Book Review: How to Talk So Kids Will Listen & Listen So Kids Will Talk

As a parent, have you ever wondered what could be a better solution to your child's tantrums? Do you frequently come across situations where the child asks for something and you deny it, and this keeps on repeating for 10-15 minutes until either you give in or make the child cry for another good 15 minutes till she gets distracted?

"How to Talk..." is a must read book on parenting; though it's focused more on the parents of 5-10 year olds, the advice is applicable to all sorts of dependents, in my opinion---even 25 year olds who have not started to live independently.

Look at the situation in the picture below, and compare with how the mother deals with it in a later picture in this post.

The book suggests that you deal with the situation of conflicting desires between you and your child by helping children deal with their feelings. The first step is to listen quietly and attentively to your child's concern, and thus, acknowledge their feelings. If a child is feeling hurt, he/ she _is_ hurt; denying this feeling is not a good strategy. In fact, you should give a name to their feeling so that they can understand themselves better. Without utter denial, assure the child that you understand how they feel and then follow up with other strategies.

The book is based around a set of strategies for dealing with 5 different areas: 

1. Helping Children Deal with Their Feelings
2. Engaging a Child's Cooperation
3. What to do Instead of Punishment
4. Encouraging Autonomy
5. Freeing up Children from Playing Roles

It serves you by providing lots of "case-study" sort of situations and a good collection of cartoons to help you absorb the material.

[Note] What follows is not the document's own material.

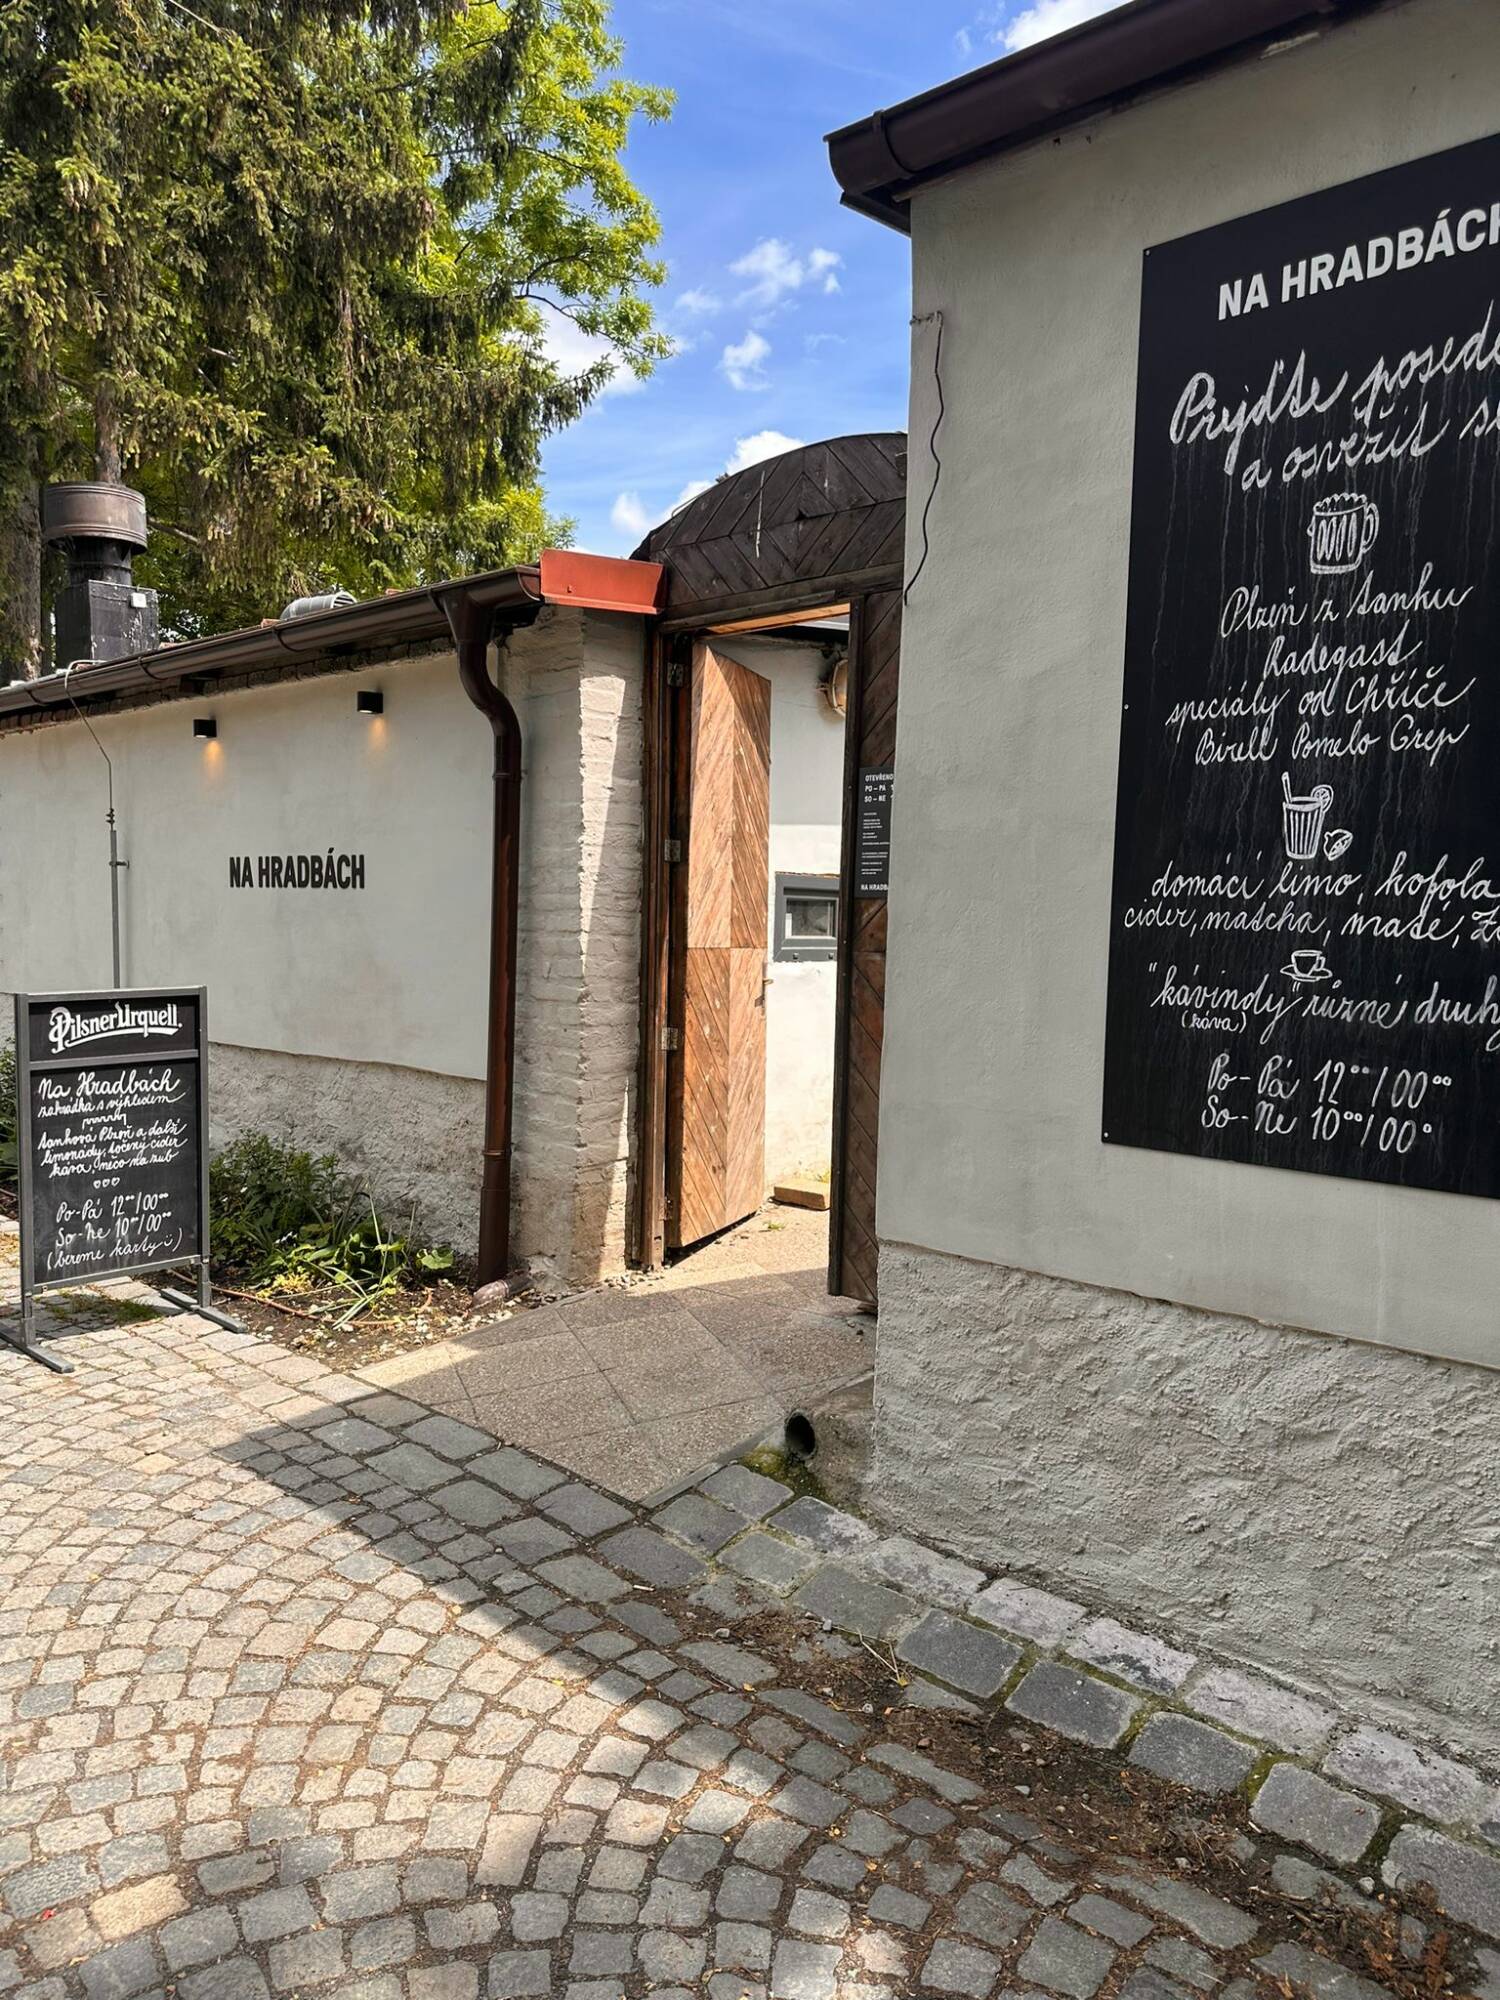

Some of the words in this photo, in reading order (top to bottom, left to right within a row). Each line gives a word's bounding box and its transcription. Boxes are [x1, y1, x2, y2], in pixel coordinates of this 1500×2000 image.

Though definitely it's not without flaws, these strategies are better than making up your own--which could be several years from now (and thus, would apply only to your grandchildren).

[1] The book on amazon.com


  1. have you tried these strategies yourself? does it work?

  2. @Umar, no, it takes practice so I can't speak from personal experience. I am still working on some of the skills---it takes time to be creative when a child is driving you crazy :) However, the book itself is highly regarded by others I know who take parenting seriously. Hundreds of customer reviews on amazon cannot be wrong.

    From personal experience, there is one basic skill which is missing from Pakistani (or may be South Asian) parents: consistency. Lack of consistency is very bad for a child. For example, if you want your child to sleep at 8pm on certain days and 12am on other days, it confuses the little mind who cannot reason for himself. Similarly, if you let the child not tidy up his toys after playing sometimes and expect him to be more caring at other times, it doesn't work.

    I can go on and on...this is my favourite topics! :)

  3. Anonymous2:26 PM

    I will try the given example at my kids. Let see will it work or not?

    But it is an important topic. The basic & most important requirement is parent should spent time with their kids.


  4. Hi Sarfaraz,

    Of course, the first and foremost thing is to spend time with kids. Once you do that, you might realize that the behaviour of the child is different from what you would ideally want it to be. The second most important thing, in my opinion, is then to "be consistent" with your kid---don't let them play with your mobile phone one day and shout at them for doing the same the other day.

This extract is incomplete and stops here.